We then walked down the streets towards the historic centre, via some of the roads that run through the reinforced walls of the city. This definitely felt more like Mexico.
We stumbled across one of those shops that sells endless woven tops and ponchos, just what I like. After restocking my wardrobe with more rainbow items, we continued. We had walked through the majority of the town centre, before heading towards The Alley of the Kiss.
This is a famous place in the town where the street is so narrow it is possible for two lovers to kiss each other from houses on the opposite sides of the street. Naturally, it was Sunday and very busy so we walked past but didn’t join the long queue of people trying to get their perfect instagram moment.
From here, we started hiking upwards. I wanted to visit the Al Pipila monument. This giant sculpture resides on the hillside above the city and offers the view that the town is famous for. By the time we hiked up, the late afternoon sun shone on the buildings and gave us a fantastic view of the city.
Not wanting to be arriving at the camping spot in the dark, we didn’t stay long. We were enjoying the city and decided we would come back again the following day, we still had time. We knew that the dirt road to the free camp spot on the hills above was rough, so wanting the daylight, we set off walking back to the campers. From the free car park, it’s not a long drive but the roads climbs steeply out the back of the city into the hills. Once at the top, we turned off and headed on a much rougher track over the hillside. We could probably have gone further, but we had find a nice quiet empty spot already and with the engine rebuild still very fresh in my mind I didn’t want the extra stress of the dirt road. The sun was setting already. It was a beautiful spot, quiet and surprisingly remote considering it’s vicinity to city.

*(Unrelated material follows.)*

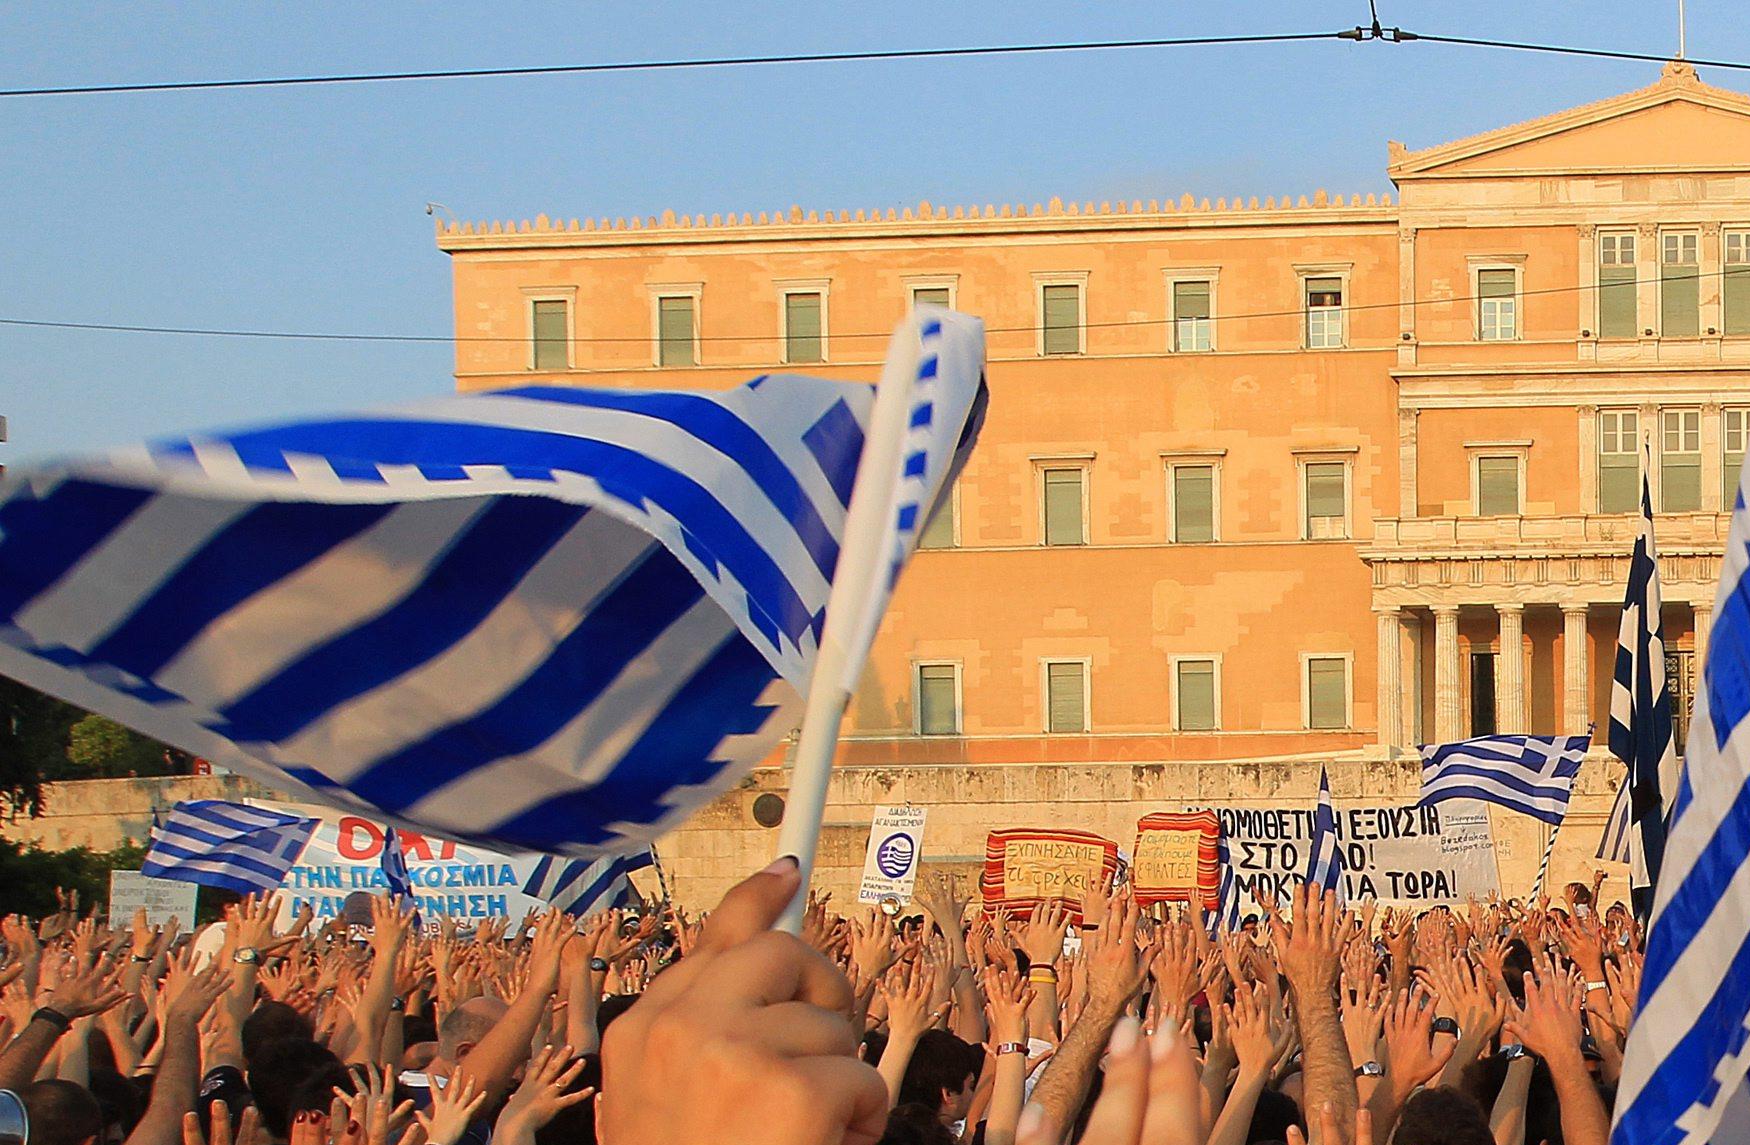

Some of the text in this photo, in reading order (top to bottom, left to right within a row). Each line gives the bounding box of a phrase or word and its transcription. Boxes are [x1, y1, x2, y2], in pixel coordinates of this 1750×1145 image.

The next morning was perfect. We awoke in the sunshine, to a clear bright morning. It was quite accept for a few cockerels crowing, a dog barked in the distance. It was the first morning we had camped in the wild since we had been back on the road and after over a month of cities, it was glorious. I love that feeling of waking up in an isolated spot. You didn’t pay any money to be there, yet you have the best view. No one really knows where you are and you have the whole day ahead of you to enjoy. I think it’s the reason we travel, that feeling is liberating.
After packing up the vans we headed back into the town. A little more purpose now than previously. First things first, we dropped off the laundry. That wouldn’t be ready until 3pm tomorrow. We headed off to find a phone shop. I had dropped my phone in Baja and slowly the black edge was taking over my screen. Very annoying. Lee had also repaired his phone, but the guy hadn’t cleaned the camera lens before fitting a new one over all the dusty bits. Needless to say, this didn’t work very well. I had been quoted 5,000 pesos to fix my phone, the reason it remained unfixed. The little phone shop we found was jammed between two normal sized buildings. Barely wide enough to fit a desk and a chair, it reached a far back enough for three blokes to be sat there. They said they would clean inside Lee’s camera for 200 pesos and swap my screen for 2,200. Not bad really.
While my part had to be ordered, Lee’s could be done right there. So, while we waited for Lee’s phone, we decided that we would like to sit in the restaurant on the viewpoint at the top. We had seen it yesterday, but didn’t have time to go in.
This time though, we took the cable car up.
After a brief wait, we were sitting in the sun overlooking the entire town from an amazing vantage point, cold Michelada in hand. What a life eh.
After collecting his phone, it was time to head back up to our spot for the night again. The following morning, we would be leaving. As we drove out again, we waved as we passed the Argentinian family we had spent Christmas with. Overlanding is a small world sometimes.
Before leaving the mountain that morning, we walked further down the dirt road to where the others had previously camped. Lu had left his bike there and we wanted to see if we could spot it for them. Unfortunately and probably unsurprisingly, there was no bike. The views were fantastic though.
Back in the city for the final time, I went and dropped my phone off to be repaired. The time, while we waited we found a 20 peso restaurant in the town. Everything is 20 pesos, drinks, food, whatever. These are quite fun sometimes, it means that while the portions aren’t large, you can try a lot of different things. We sampled many of the options while we killed an hour, leaving feeling rather full for less than the price of a pint back home. Picking up my phone, we just needed to collect the laundry. Luckily it was ready a bit early, as we still had a few hours to drive that afternoon.
The final stop was the beer shop. We had been in yesterday and given the others a chance to order any nice beers they wanted for new year. They had a pretty good selection, and not too bad a price. We got some nice bottles and a keg before driving out of the town for good.
The drive out of Guanajuato is quite epic itself, the city is located at around 6,700ft above sea level. By the time we reached the highest point of the road we were at 8,500 ft. The new engine as definitely being broken in. Now we had a couple more hours to drive before we reached our stop off for the night. Another pretty mountain spot, just to the east of San Luis Potosi in the sierra.